Work task
Please give the records below again in full, exactly, with the images left out.
#### Exercise data ####
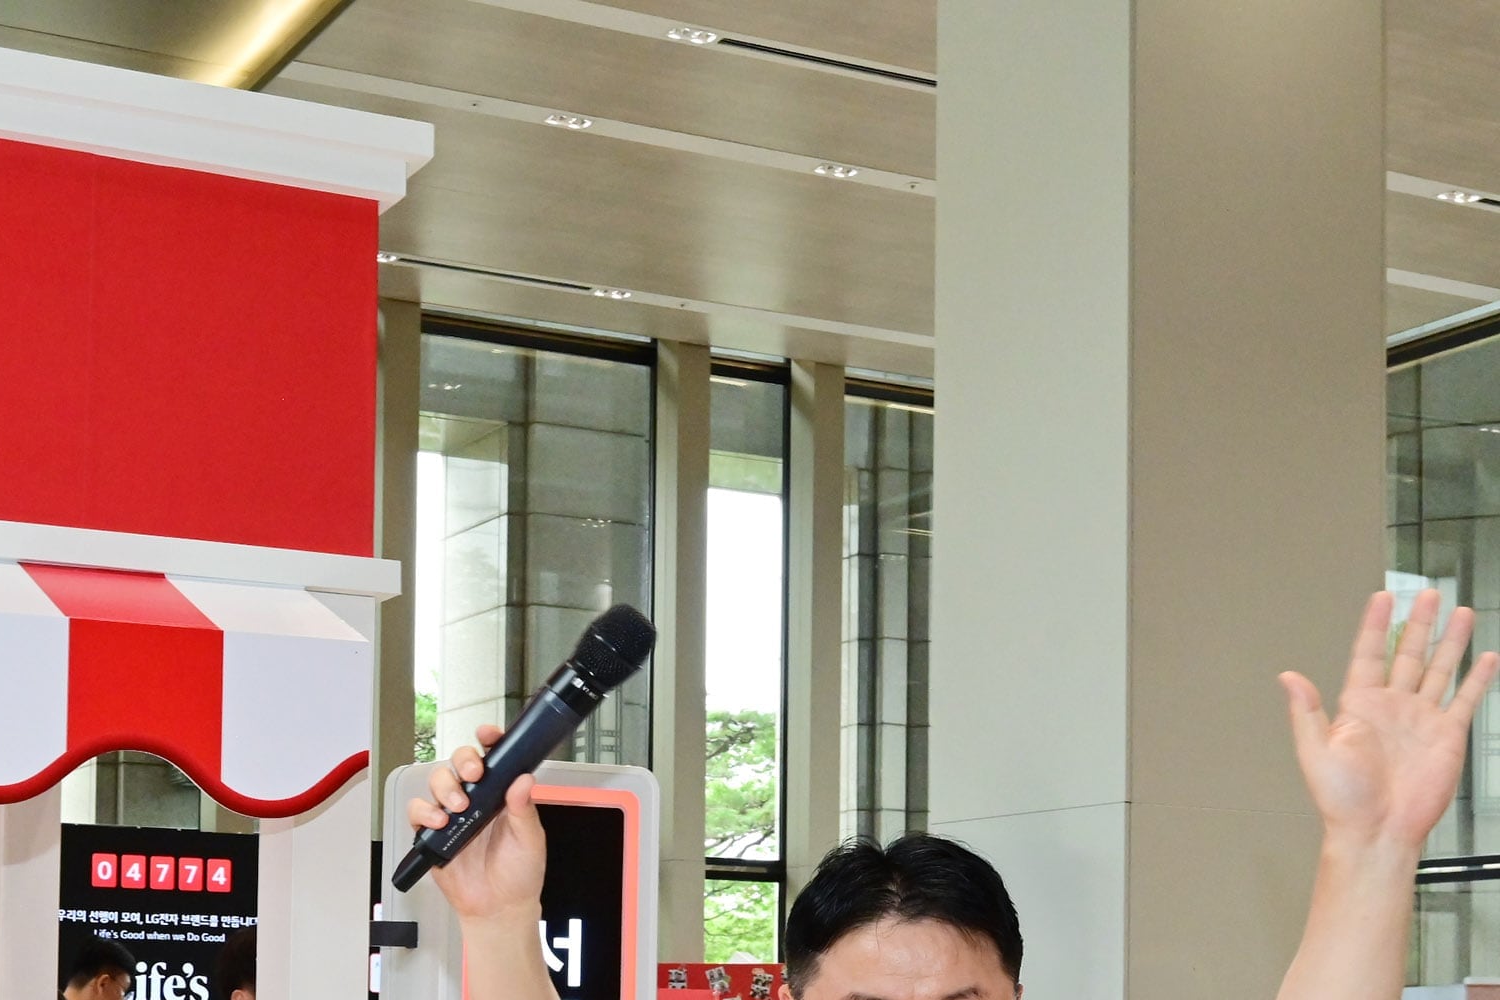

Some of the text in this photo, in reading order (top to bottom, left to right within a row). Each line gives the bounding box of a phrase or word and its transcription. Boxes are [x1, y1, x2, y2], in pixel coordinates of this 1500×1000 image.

[97, 861, 227, 885] 04774
[145, 913, 179, 926] LG전자
[180, 914, 218, 927] 브랜드를
[120, 930, 145, 939] Good
[146, 931, 170, 940] when
[186, 932, 200, 941] Do
[201, 932, 226, 942] Good
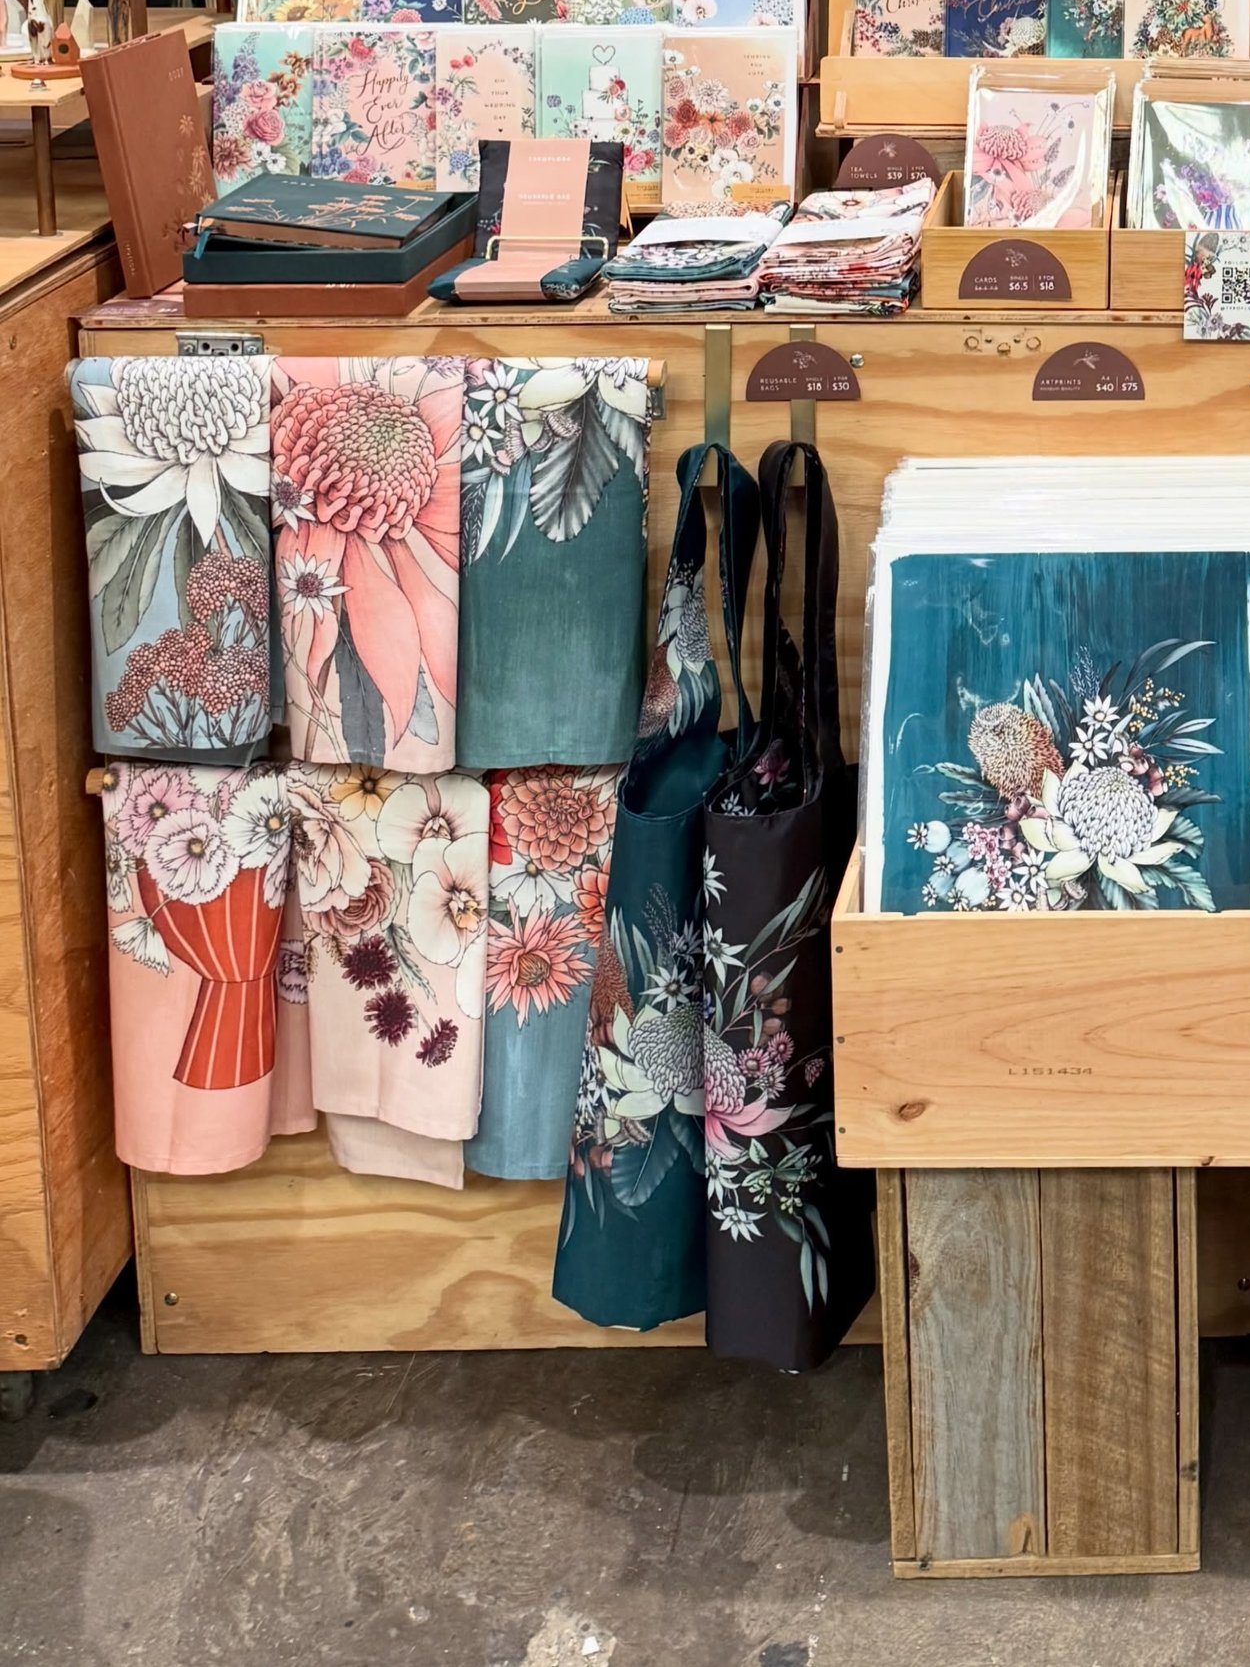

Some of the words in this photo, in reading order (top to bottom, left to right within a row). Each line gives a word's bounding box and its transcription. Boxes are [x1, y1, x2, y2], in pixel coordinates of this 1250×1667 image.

[363, 95, 403, 124] Ever
[354, 113, 419, 155] After
[887, 172, 903, 180] $39
[910, 172, 927, 180] $70
[1009, 282, 1028, 291] $6.5
[1040, 282, 1055, 291] $18
[807, 382, 822, 391] $18
[832, 382, 850, 391] $30
[1095, 383, 1114, 392] $40
[1121, 382, 1138, 391] $75
####
Response
Some of the text in this photo, in reading order (top to bottom, left to right within a row). Each line gives the bounding box of a phrase or word and its transcription. Boxes are [x1, y1, x2, y2], in pixel coordinates of this 1500×1000 image.

[97, 861, 227, 885] 04774
[145, 913, 179, 926] LG전자
[180, 914, 218, 927] 브랜드를
[120, 930, 145, 939] Good
[146, 931, 170, 940] when
[186, 932, 200, 941] Do
[201, 932, 226, 942] Good

Some of the words in this photo, in reading order (top to bottom, left to right within a row). Each line gives a word's bounding box and its transcription. Boxes are [x1, y1, x2, y2], in pixel coordinates of this 1250×1667 image.

[363, 95, 403, 124] Ever
[354, 113, 419, 155] After
[887, 172, 903, 180] $39
[910, 172, 927, 180] $70
[1009, 282, 1028, 291] $6.5
[1040, 282, 1055, 291] $18
[807, 382, 822, 391] $18
[832, 382, 850, 391] $30
[1095, 383, 1114, 392] $40
[1121, 382, 1138, 391] $75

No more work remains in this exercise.